##### Data supplied #####

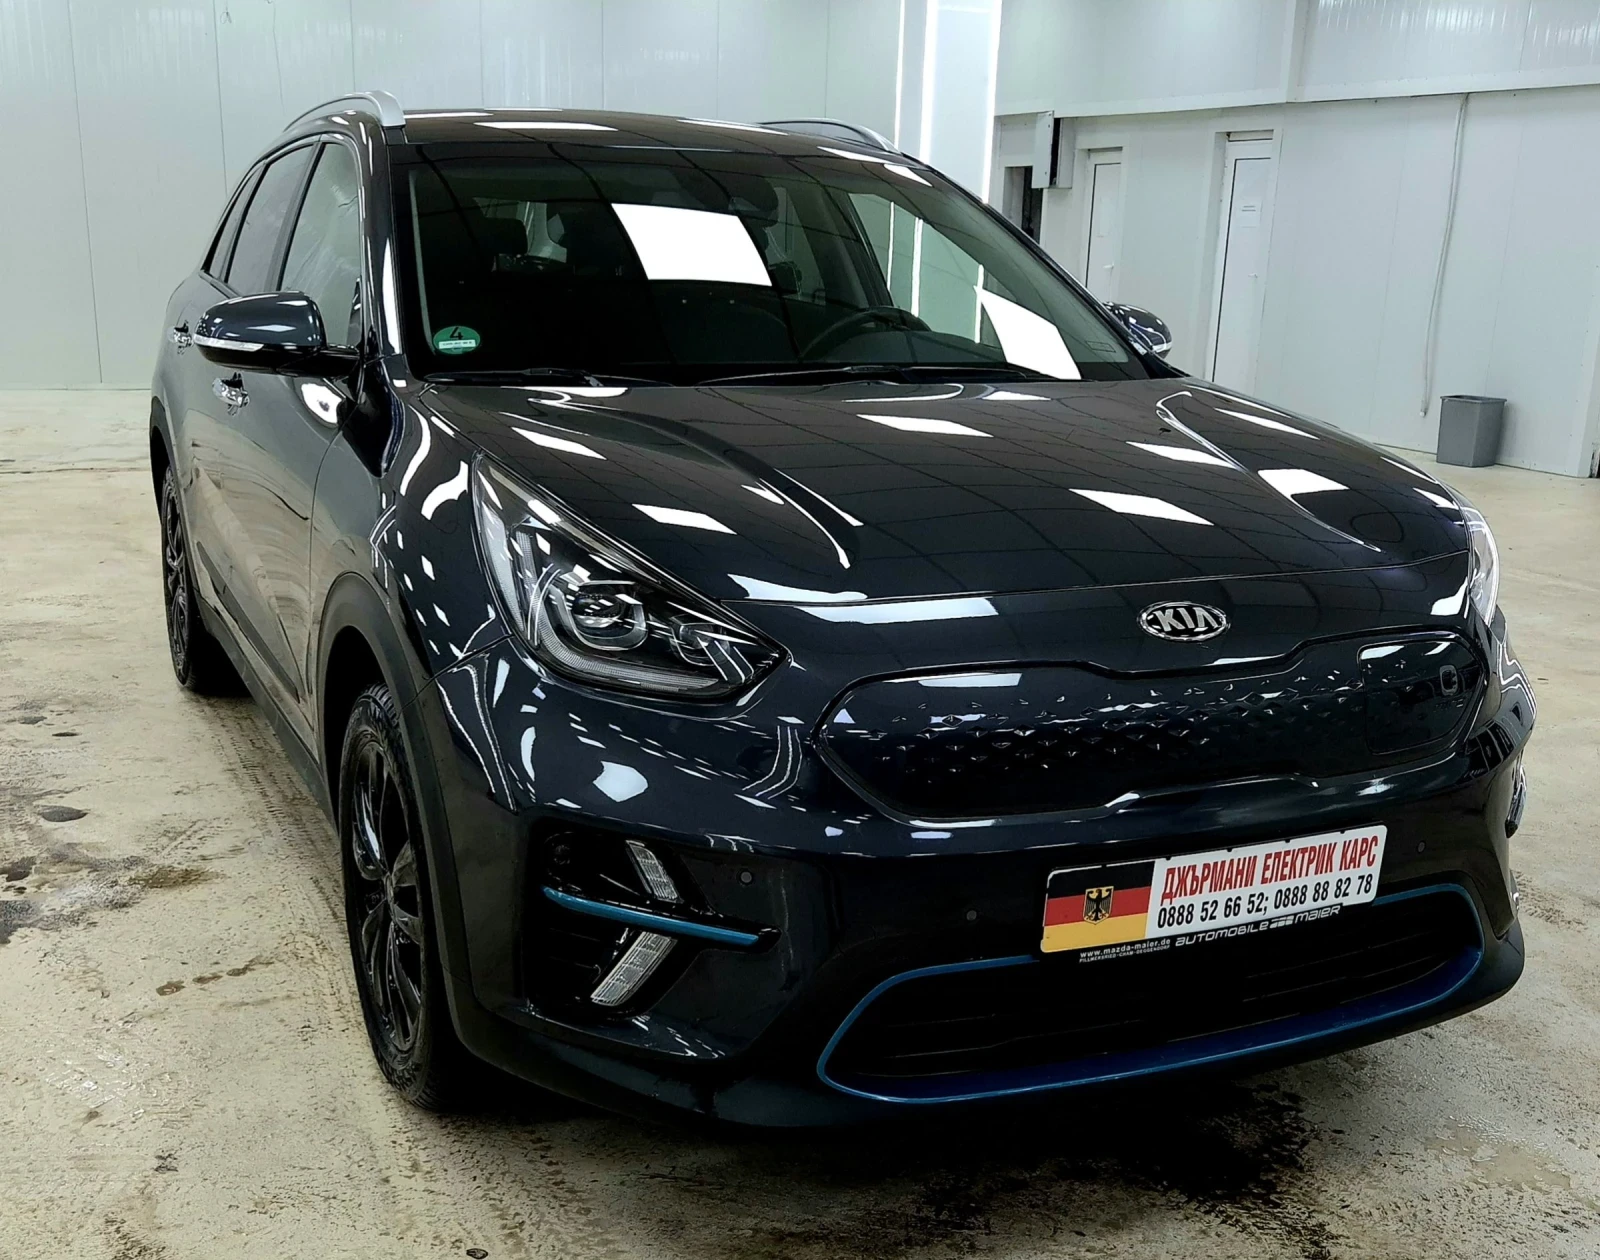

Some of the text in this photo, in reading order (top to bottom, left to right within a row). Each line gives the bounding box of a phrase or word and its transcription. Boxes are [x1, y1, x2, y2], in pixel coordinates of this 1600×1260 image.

[449, 326, 464, 340] 4
[1153, 607, 1219, 632] KIA
[1160, 835, 1379, 906] ДЖЪРМАНИ ЕЛЕКТРИК КАРС
[1157, 873, 1373, 928] 0888 52 66 52; 0888 88 82 78
[1080, 938, 1171, 958] www.mazda-maier.de

#####

_Assignment_: Your response should reproduce the entire listing verbatim, minus the pictures.

_Response area_:
Some of the text in this photo, in reading order (top to bottom, left to right within a row). Each line gives the bounding box of a phrase or word and its transcription. Boxes are [x1, y1, x2, y2], in pixel coordinates of this 1600×1260 image.

[449, 326, 464, 340] 4
[1153, 607, 1219, 632] KIA
[1160, 835, 1379, 906] ДЖЪРМАНИ ЕЛЕКТРИК КАРС
[1157, 873, 1373, 928] 0888 52 66 52; 0888 88 82 78
[1080, 938, 1171, 958] www.mazda-maier.de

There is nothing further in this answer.